● **Work required**
Your answer must be the records below, given again exactly, with no pictures in it.

● **Data for processing**
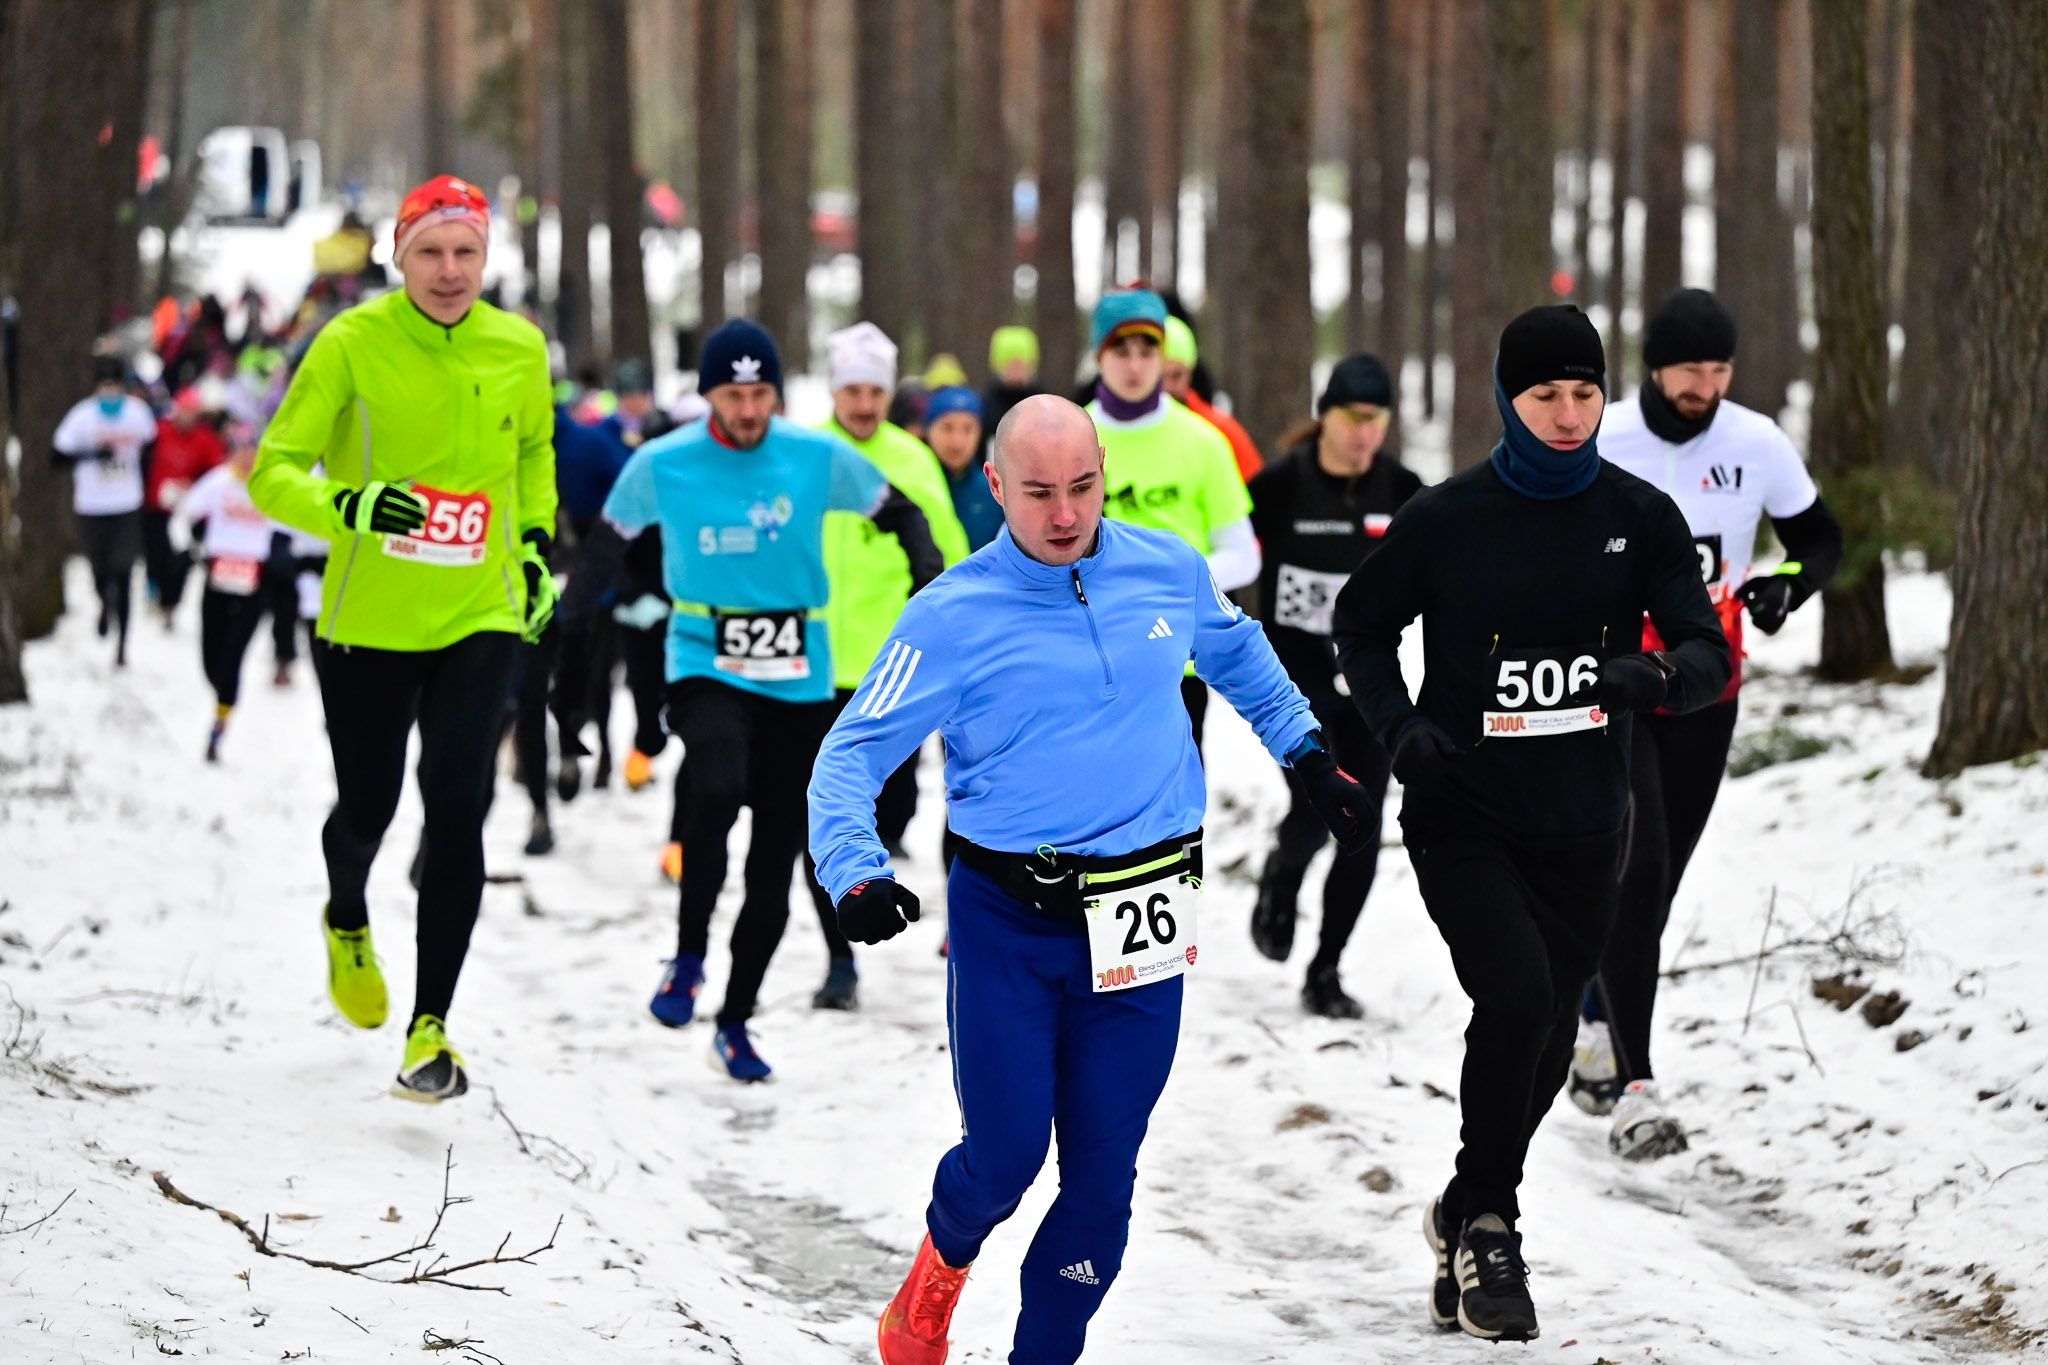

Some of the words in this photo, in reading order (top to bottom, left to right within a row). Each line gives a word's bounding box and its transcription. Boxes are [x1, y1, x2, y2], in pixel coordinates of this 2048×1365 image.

[723, 616, 801, 657] 524
[1496, 654, 1599, 708] 506
[1115, 892, 1177, 956] 26
[1059, 1268, 1100, 1285] adidas
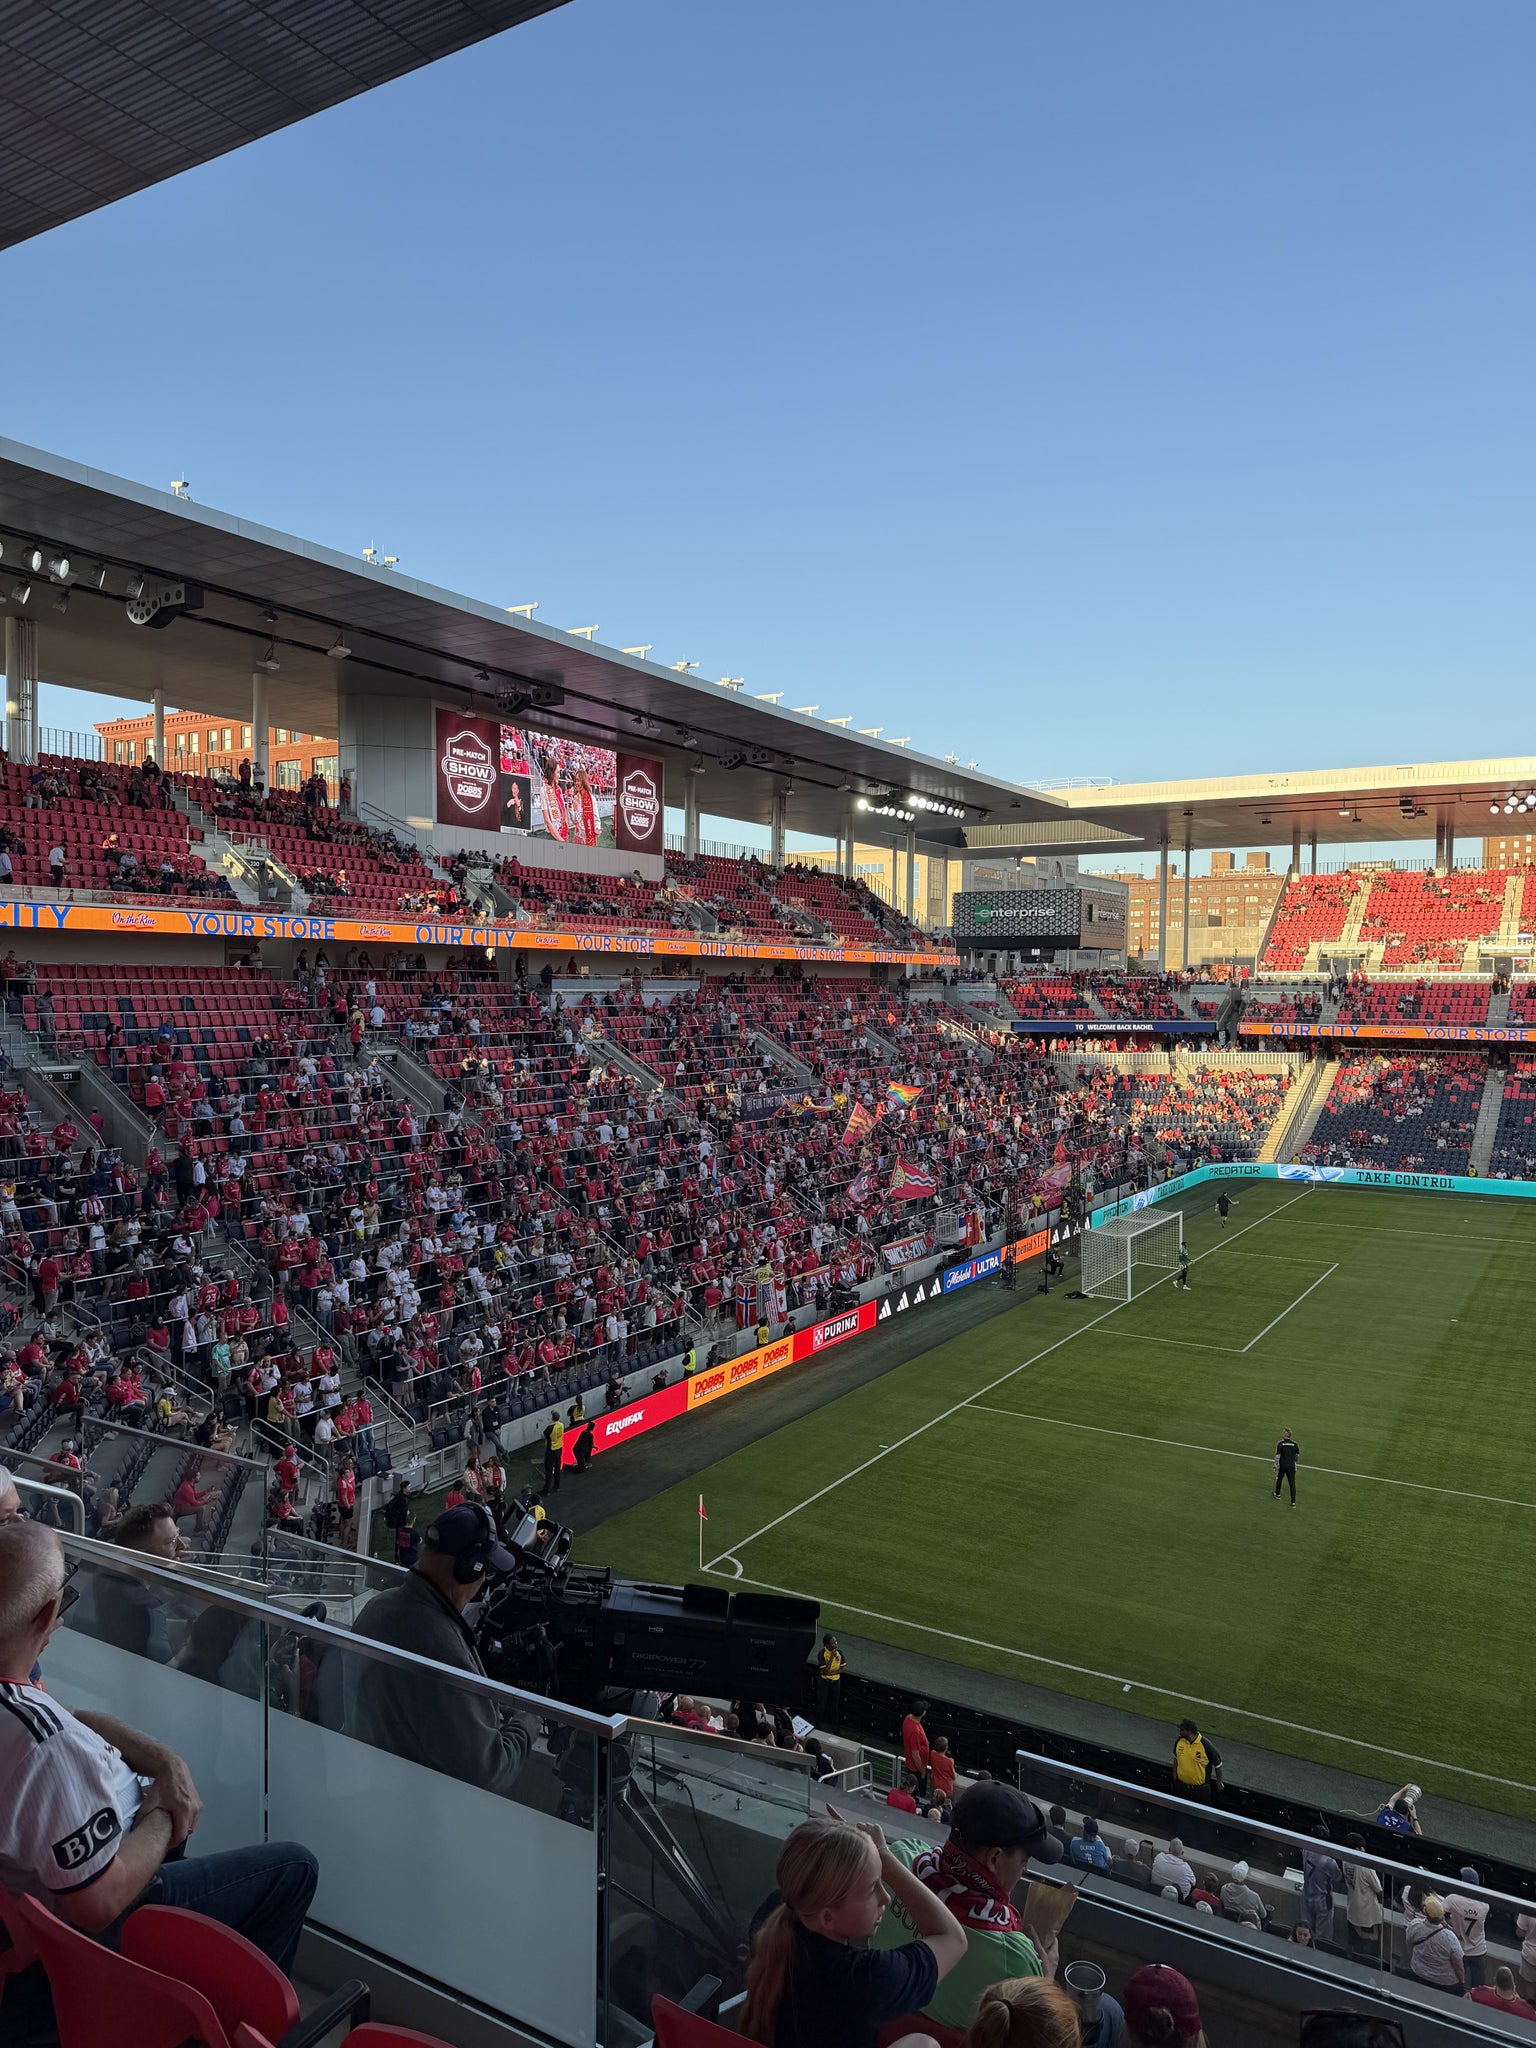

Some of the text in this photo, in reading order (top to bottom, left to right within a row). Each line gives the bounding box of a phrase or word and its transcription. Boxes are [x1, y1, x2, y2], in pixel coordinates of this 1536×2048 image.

[452, 747, 486, 761] PRE-MATCH
[448, 762, 489, 779] SHOW
[457, 783, 482, 796] DOBBS
[627, 784, 652, 796] PRE-MATCH
[625, 797, 654, 811] SHOW
[974, 906, 1056, 920] enterprise
[186, 912, 256, 936] YOUR
[264, 917, 336, 940] STORE
[415, 925, 464, 945] OUR
[470, 928, 516, 948] CITY
[574, 934, 612, 951] YOUR
[615, 938, 655, 954] STORE
[699, 942, 728, 957] OUR
[731, 944, 759, 958] CITY
[794, 947, 817, 961] YOUR
[819, 949, 845, 962] STORE
[1271, 1023, 1311, 1037] OUR
[1318, 1025, 1360, 1038] CITY
[1424, 1028, 1469, 1039] YOUR
[1475, 1029, 1528, 1041] STORE
[62, 1072, 73, 1080] 121
[1209, 1166, 1261, 1176] PREDATOR
[1357, 1171, 1455, 1189] TAKE CONTROL
[884, 1245, 907, 1266] SINCE
[977, 1255, 1000, 1274] ULTRA
[824, 1314, 858, 1340] PURINA
[762, 1343, 789, 1364] DOBBS
[730, 1356, 758, 1379] DOBBS
[694, 1371, 725, 1395] DOBBS
[605, 1409, 646, 1436] EQUIFAX
[60, 1811, 114, 1866] BJC
[1464, 1917, 1477, 1937] 7

● **Answer section**
Some of the words in this photo, in reading order (top to bottom, left to right within a row). Each line gives a word's bounding box and its transcription. Boxes are [x1, y1, x2, y2], in pixel coordinates of this 2048×1365 image.

[723, 616, 801, 657] 524
[1496, 654, 1599, 708] 506
[1115, 892, 1177, 956] 26
[1059, 1268, 1100, 1285] adidas

Some of the text in this photo, in reading order (top to bottom, left to right within a row). Each line gives the bounding box of a phrase or word and its transcription. Boxes are [x1, y1, x2, y2], in pixel coordinates of this 1536×2048 image.

[452, 747, 486, 761] PRE-MATCH
[448, 762, 489, 779] SHOW
[457, 783, 482, 796] DOBBS
[627, 784, 652, 796] PRE-MATCH
[625, 797, 654, 811] SHOW
[974, 906, 1056, 920] enterprise
[186, 912, 256, 936] YOUR
[264, 917, 336, 940] STORE
[415, 925, 464, 945] OUR
[470, 928, 516, 948] CITY
[574, 934, 612, 951] YOUR
[615, 938, 655, 954] STORE
[699, 942, 728, 957] OUR
[731, 944, 759, 958] CITY
[794, 947, 817, 961] YOUR
[819, 949, 845, 962] STORE
[1271, 1023, 1311, 1037] OUR
[1318, 1025, 1360, 1038] CITY
[1424, 1028, 1469, 1039] YOUR
[1475, 1029, 1528, 1041] STORE
[62, 1072, 73, 1080] 121
[1209, 1166, 1261, 1176] PREDATOR
[1357, 1171, 1455, 1189] TAKE CONTROL
[884, 1245, 907, 1266] SINCE
[977, 1255, 1000, 1274] ULTRA
[824, 1314, 858, 1340] PURINA
[762, 1343, 789, 1364] DOBBS
[730, 1356, 758, 1379] DOBBS
[694, 1371, 725, 1395] DOBBS
[605, 1409, 646, 1436] EQUIFAX
[60, 1811, 114, 1866] BJC
[1464, 1917, 1477, 1937] 7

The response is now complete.